I promised Neil a trip to the science museum of his choice if he got a good grade on a book report. His teacher took a good 6 weeks getting his February book report back to him, but he got the requisite grade, and requested a trip to the Lawrence Hall of Science. My friend Becky and her son, Ethan, who turned Neil on to his current obsession, Rollercoaster Tycoon 3, were able to join us and it was a whole lot of fun.
As far as the Bay Area science museums go, the Lawrence Hall of Science is pretty all-inclusive. It puts its science into real-world applications: for instance, the front part of the museum has classic games which teach strategy, probability, and math. It usually has a temporary exhibit, like a forensic science lab with which visitors had to find the suspect for a crime; or simple Kapla boards with which visitors could create incredible architectural wonders of varying stability. In the back, there is a permanent exhibit on geology, including earthquake simulators and streams which the visitors can dam in various ways. It’s also the simplest, which Kelly enjoys just as a sort of sandbox. I always love it because there are spectacular views of the Bay Area from it, even if it’s usually fogged in. Here is the view towards the Marin Headlands and the Golden Gate Bridge yesterday:
The line pointing to Alcatraz Island is the Berkeley Pier.

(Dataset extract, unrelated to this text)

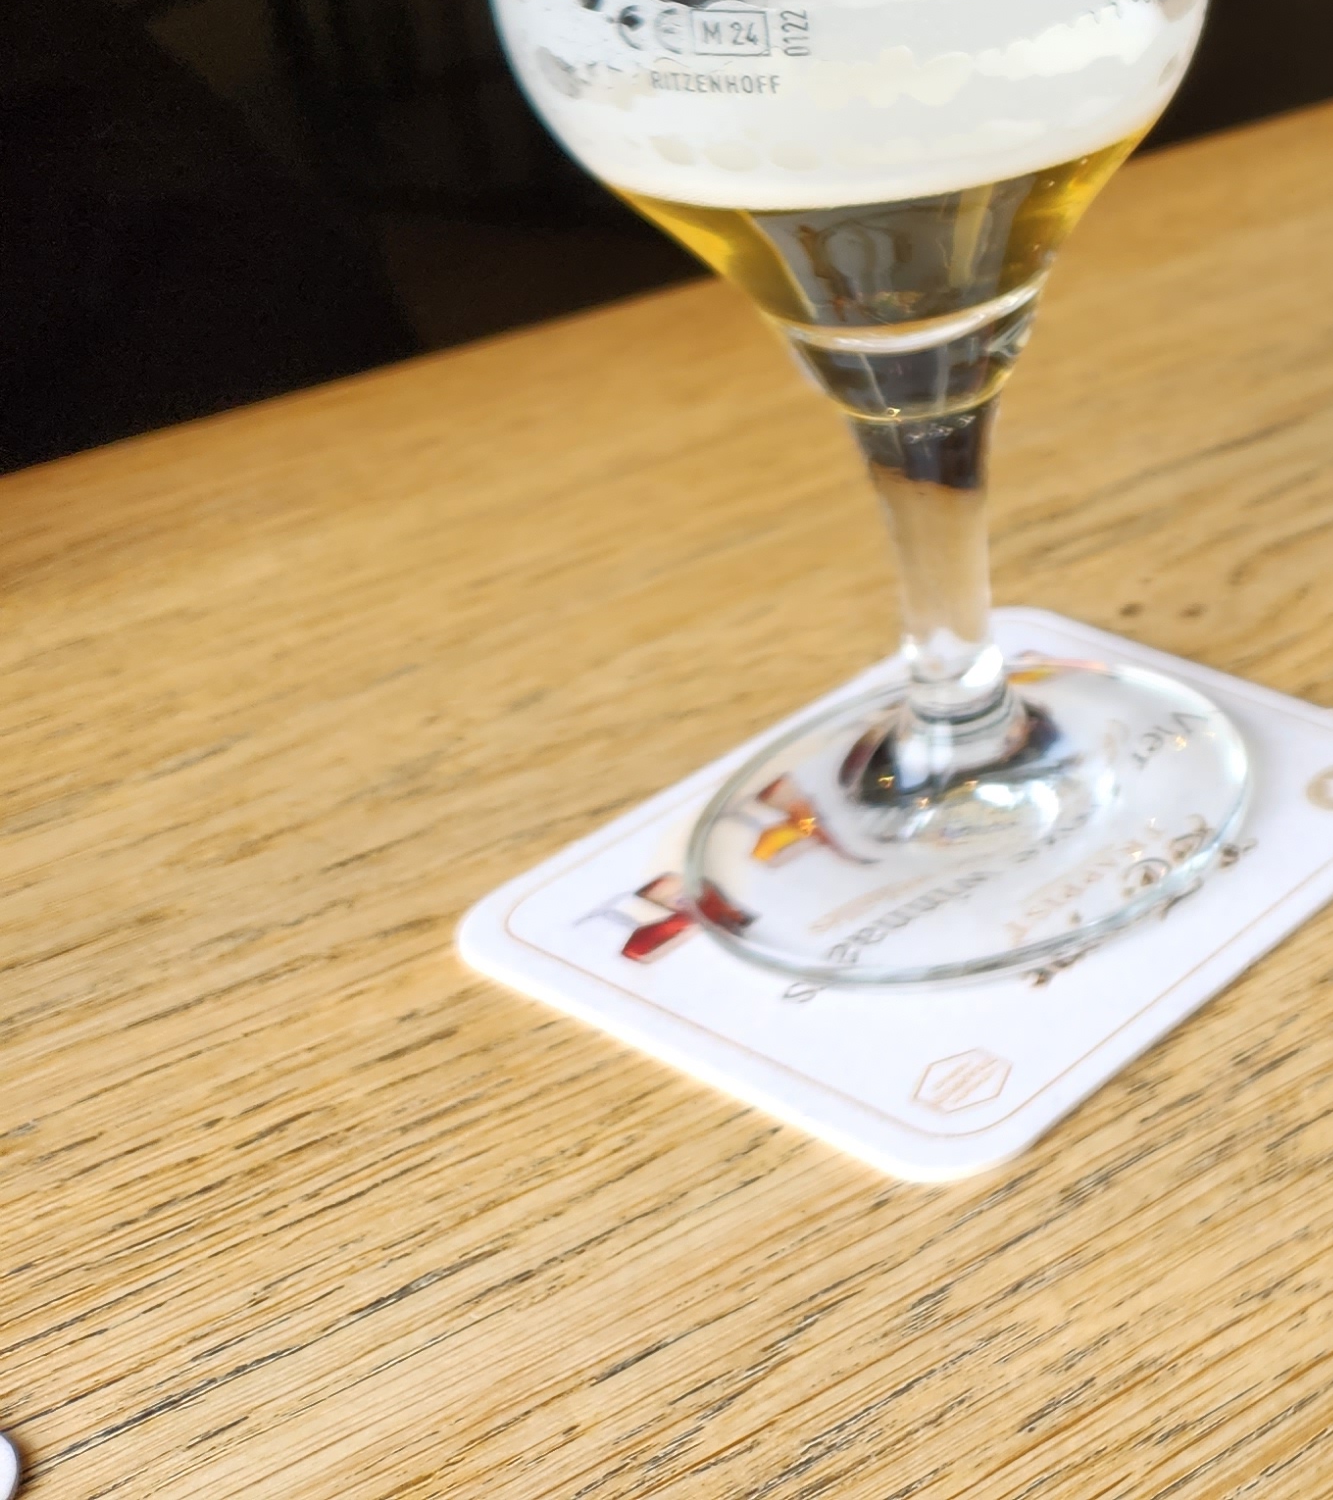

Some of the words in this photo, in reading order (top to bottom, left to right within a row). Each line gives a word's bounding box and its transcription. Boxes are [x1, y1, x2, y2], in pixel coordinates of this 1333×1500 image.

[730, 21, 759, 46] 24
[780, 9, 811, 57] 0122
[651, 70, 781, 95] RITZENHOFF

One of the special exhibits today was “Circus,” an explanation of how many freakish circus acts, from sword swallowing to contortion, are done. For only $2, we could buy special tickets to walk a tightrope, or perform acrobatic tricks in a bungee swing. I talked Becky into trying the tightrope with me. Becky, having done it this sort of thing before, was more graceful than me and managed to do it with her arms out. I chickened out and hung on to the supports. Either way, there was no chance of us falling in the harness we were in, but it was still pretty exciting to do it. Here I am on the tightrope:
Becky’s son twirled like an expert on the acrobatic swing. Neil preferred to watch, and worked on his juggling skills instead.
The last time we were at the Lawrence Hall of Science, Neil and another friend, Ryan, were having so much fun with the Kapla bricks we didn’t get to the downstairs part of the museum. The Kapla bricks were still available for play, but I managed to pull Neil away from them so we could say we’d seen all of the museum this day. Mostly, it consists of logic puzzles: simple games, but oddly compelling in a science museum. The biology lab was open, so Kelly got to see all the animals, such as snakes, bearded dragons, and fish. She even got to pat a rat, a rabbit, and a squeaking guinea pig. I noticed the mastodon skeleton, which may have always have been there.
It’s surprisingly hard to find open paleontology museums in the Bay Area (even the one at Berkeley is only fully open on special occasions). It still felt like we hadn’t fully taken advantage of what the museum could have taught us, but it’s always good to leave a place still wanting more: it guarantees we’ll have a reason to return.